>>>>

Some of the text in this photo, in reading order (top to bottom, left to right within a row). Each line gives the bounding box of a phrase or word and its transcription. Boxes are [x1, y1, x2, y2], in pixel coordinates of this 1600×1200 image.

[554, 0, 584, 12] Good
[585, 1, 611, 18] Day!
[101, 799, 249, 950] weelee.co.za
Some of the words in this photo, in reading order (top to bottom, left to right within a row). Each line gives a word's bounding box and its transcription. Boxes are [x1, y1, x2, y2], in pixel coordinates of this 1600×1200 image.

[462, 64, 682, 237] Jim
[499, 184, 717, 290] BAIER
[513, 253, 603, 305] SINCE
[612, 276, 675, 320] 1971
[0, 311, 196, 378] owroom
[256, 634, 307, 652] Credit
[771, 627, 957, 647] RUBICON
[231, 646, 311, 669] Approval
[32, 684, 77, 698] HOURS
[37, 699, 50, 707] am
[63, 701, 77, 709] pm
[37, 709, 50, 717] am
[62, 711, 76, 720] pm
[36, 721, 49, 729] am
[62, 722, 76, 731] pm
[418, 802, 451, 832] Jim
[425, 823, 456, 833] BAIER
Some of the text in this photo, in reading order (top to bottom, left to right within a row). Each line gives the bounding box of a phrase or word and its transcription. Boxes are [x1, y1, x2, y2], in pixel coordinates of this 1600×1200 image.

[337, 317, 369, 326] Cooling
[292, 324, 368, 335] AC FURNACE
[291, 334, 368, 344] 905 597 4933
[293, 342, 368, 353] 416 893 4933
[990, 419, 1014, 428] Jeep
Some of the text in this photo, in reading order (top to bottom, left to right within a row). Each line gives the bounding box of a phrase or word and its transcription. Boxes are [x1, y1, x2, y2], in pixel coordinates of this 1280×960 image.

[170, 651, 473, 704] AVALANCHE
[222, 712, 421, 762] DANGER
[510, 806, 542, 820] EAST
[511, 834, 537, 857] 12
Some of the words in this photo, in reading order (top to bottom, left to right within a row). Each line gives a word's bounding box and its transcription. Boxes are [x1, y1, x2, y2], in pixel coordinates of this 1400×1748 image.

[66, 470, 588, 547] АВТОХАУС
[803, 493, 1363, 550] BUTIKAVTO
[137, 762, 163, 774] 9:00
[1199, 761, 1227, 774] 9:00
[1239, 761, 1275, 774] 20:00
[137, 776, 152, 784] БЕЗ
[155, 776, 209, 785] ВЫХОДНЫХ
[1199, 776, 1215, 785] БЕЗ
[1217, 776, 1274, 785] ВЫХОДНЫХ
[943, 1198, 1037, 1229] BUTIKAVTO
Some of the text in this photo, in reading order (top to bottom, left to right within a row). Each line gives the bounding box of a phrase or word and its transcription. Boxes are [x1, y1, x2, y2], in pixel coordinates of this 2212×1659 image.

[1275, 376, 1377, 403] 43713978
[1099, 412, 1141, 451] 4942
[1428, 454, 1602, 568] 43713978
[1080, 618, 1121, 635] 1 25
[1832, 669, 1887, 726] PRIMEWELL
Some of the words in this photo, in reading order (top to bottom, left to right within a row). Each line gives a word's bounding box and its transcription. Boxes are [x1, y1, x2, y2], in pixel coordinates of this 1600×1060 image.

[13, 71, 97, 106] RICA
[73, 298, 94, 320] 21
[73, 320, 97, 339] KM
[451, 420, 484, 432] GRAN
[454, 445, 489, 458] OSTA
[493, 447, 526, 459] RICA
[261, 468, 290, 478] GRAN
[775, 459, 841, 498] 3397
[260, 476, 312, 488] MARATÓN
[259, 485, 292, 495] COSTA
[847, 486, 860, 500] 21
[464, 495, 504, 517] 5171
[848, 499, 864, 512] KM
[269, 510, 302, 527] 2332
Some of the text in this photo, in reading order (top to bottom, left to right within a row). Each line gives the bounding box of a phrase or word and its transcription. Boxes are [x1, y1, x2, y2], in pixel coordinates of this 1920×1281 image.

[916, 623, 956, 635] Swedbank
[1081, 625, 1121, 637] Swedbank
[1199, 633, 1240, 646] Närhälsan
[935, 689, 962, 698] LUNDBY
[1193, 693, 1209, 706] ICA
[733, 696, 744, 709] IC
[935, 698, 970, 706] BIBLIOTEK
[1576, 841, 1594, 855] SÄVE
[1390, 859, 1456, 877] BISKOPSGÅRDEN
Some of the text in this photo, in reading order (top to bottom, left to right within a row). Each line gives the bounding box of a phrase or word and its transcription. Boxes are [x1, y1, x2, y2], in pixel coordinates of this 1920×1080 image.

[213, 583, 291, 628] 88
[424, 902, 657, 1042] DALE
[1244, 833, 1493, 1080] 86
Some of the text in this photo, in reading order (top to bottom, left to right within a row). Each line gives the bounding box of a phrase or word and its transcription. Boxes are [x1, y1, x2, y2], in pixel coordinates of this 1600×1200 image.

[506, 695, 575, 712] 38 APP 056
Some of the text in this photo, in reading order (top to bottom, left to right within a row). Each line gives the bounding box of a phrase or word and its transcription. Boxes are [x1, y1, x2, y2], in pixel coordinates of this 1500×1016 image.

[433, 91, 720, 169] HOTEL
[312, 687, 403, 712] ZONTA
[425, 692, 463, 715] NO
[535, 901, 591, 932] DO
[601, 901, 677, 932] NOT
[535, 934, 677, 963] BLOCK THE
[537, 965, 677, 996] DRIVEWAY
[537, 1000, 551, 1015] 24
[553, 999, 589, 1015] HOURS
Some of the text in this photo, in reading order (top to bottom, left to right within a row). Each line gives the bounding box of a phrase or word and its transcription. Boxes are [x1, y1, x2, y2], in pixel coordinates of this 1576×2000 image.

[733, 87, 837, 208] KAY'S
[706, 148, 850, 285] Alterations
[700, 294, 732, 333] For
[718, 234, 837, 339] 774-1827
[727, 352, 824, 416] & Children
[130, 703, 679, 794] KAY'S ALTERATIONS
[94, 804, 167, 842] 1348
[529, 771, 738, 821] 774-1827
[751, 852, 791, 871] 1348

<<<<

Assignment — Keep every word the same. Retype all the material.

Reply —
Some of the text in this photo, in reading order (top to bottom, left to right within a row). Each line gives the bounding box of a phrase or word and its transcription. Boxes are [x1, y1, x2, y2], in pixel coordinates of this 1600×1200 image.

[554, 0, 584, 12] Good
[585, 1, 611, 18] Day!
[101, 799, 249, 950] weelee.co.za
Some of the words in this photo, in reading order (top to bottom, left to right within a row). Each line gives a word's bounding box and its transcription. Boxes are [x1, y1, x2, y2], in pixel coordinates of this 1600×1200 image.

[462, 64, 682, 237] Jim
[499, 184, 717, 290] BAIER
[513, 253, 603, 305] SINCE
[612, 276, 675, 320] 1971
[0, 311, 196, 378] owroom
[256, 634, 307, 652] Credit
[771, 627, 957, 647] RUBICON
[231, 646, 311, 669] Approval
[32, 684, 77, 698] HOURS
[37, 699, 50, 707] am
[63, 701, 77, 709] pm
[37, 709, 50, 717] am
[62, 711, 76, 720] pm
[36, 721, 49, 729] am
[62, 722, 76, 731] pm
[418, 802, 451, 832] Jim
[425, 823, 456, 833] BAIER
Some of the text in this photo, in reading order (top to bottom, left to right within a row). Each line gives the bounding box of a phrase or word and its transcription. Boxes are [x1, y1, x2, y2], in pixel coordinates of this 1600×1200 image.

[337, 317, 369, 326] Cooling
[292, 324, 368, 335] AC FURNACE
[291, 334, 368, 344] 905 597 4933
[293, 342, 368, 353] 416 893 4933
[990, 419, 1014, 428] Jeep
Some of the text in this photo, in reading order (top to bottom, left to right within a row). Each line gives the bounding box of a phrase or word and its transcription. Boxes are [x1, y1, x2, y2], in pixel coordinates of this 1280×960 image.

[170, 651, 473, 704] AVALANCHE
[222, 712, 421, 762] DANGER
[510, 806, 542, 820] EAST
[511, 834, 537, 857] 12
Some of the words in this photo, in reading order (top to bottom, left to right within a row). Each line gives a word's bounding box and its transcription. Boxes are [x1, y1, x2, y2], in pixel coordinates of this 1400×1748 image.

[66, 470, 588, 547] АВТОХАУС
[803, 493, 1363, 550] BUTIKAVTO
[137, 762, 163, 774] 9:00
[1199, 761, 1227, 774] 9:00
[1239, 761, 1275, 774] 20:00
[137, 776, 152, 784] БЕЗ
[155, 776, 209, 785] ВЫХОДНЫХ
[1199, 776, 1215, 785] БЕЗ
[1217, 776, 1274, 785] ВЫХОДНЫХ
[943, 1198, 1037, 1229] BUTIKAVTO
Some of the text in this photo, in reading order (top to bottom, left to right within a row). Each line gives the bounding box of a phrase or word and its transcription. Boxes are [x1, y1, x2, y2], in pixel coordinates of this 2212×1659 image.

[1275, 376, 1377, 403] 43713978
[1099, 412, 1141, 451] 4942
[1428, 454, 1602, 568] 43713978
[1080, 618, 1121, 635] 1 25
[1832, 669, 1887, 726] PRIMEWELL
Some of the words in this photo, in reading order (top to bottom, left to right within a row). Each line gives a word's bounding box and its transcription. Boxes are [x1, y1, x2, y2], in pixel coordinates of this 1600×1060 image.

[13, 71, 97, 106] RICA
[73, 298, 94, 320] 21
[73, 320, 97, 339] KM
[451, 420, 484, 432] GRAN
[454, 445, 489, 458] OSTA
[493, 447, 526, 459] RICA
[261, 468, 290, 478] GRAN
[775, 459, 841, 498] 3397
[260, 476, 312, 488] MARATÓN
[259, 485, 292, 495] COSTA
[847, 486, 860, 500] 21
[464, 495, 504, 517] 5171
[848, 499, 864, 512] KM
[269, 510, 302, 527] 2332
Some of the text in this photo, in reading order (top to bottom, left to right within a row). Each line gives the bounding box of a phrase or word and its transcription. Boxes are [x1, y1, x2, y2], in pixel coordinates of this 1920×1281 image.

[916, 623, 956, 635] Swedbank
[1081, 625, 1121, 637] Swedbank
[1199, 633, 1240, 646] Närhälsan
[935, 689, 962, 698] LUNDBY
[1193, 693, 1209, 706] ICA
[733, 696, 744, 709] IC
[935, 698, 970, 706] BIBLIOTEK
[1576, 841, 1594, 855] SÄVE
[1390, 859, 1456, 877] BISKOPSGÅRDEN
Some of the text in this photo, in reading order (top to bottom, left to right within a row). Each line gives the bounding box of a phrase or word and its transcription. Boxes are [x1, y1, x2, y2], in pixel coordinates of this 1920×1080 image.

[213, 583, 291, 628] 88
[424, 902, 657, 1042] DALE
[1244, 833, 1493, 1080] 86
Some of the text in this photo, in reading order (top to bottom, left to right within a row). Each line gives the bounding box of a phrase or word and its transcription. Boxes are [x1, y1, x2, y2], in pixel coordinates of this 1600×1200 image.

[506, 695, 575, 712] 38 APP 056
Some of the text in this photo, in reading order (top to bottom, left to right within a row). Each line gives the bounding box of a phrase or word and its transcription. Boxes are [x1, y1, x2, y2], in pixel coordinates of this 1500×1016 image.

[433, 91, 720, 169] HOTEL
[312, 687, 403, 712] ZONTA
[425, 692, 463, 715] NO
[535, 901, 591, 932] DO
[601, 901, 677, 932] NOT
[535, 934, 677, 963] BLOCK THE
[537, 965, 677, 996] DRIVEWAY
[537, 1000, 551, 1015] 24
[553, 999, 589, 1015] HOURS
Some of the text in this photo, in reading order (top to bottom, left to right within a row). Each line gives the bounding box of a phrase or word and its transcription. Boxes are [x1, y1, x2, y2], in pixel coordinates of this 1576×2000 image.

[733, 87, 837, 208] KAY'S
[706, 148, 850, 285] Alterations
[700, 294, 732, 333] For
[718, 234, 837, 339] 774-1827
[727, 352, 824, 416] & Children
[130, 703, 679, 794] KAY'S ALTERATIONS
[94, 804, 167, 842] 1348
[529, 771, 738, 821] 774-1827
[751, 852, 791, 871] 1348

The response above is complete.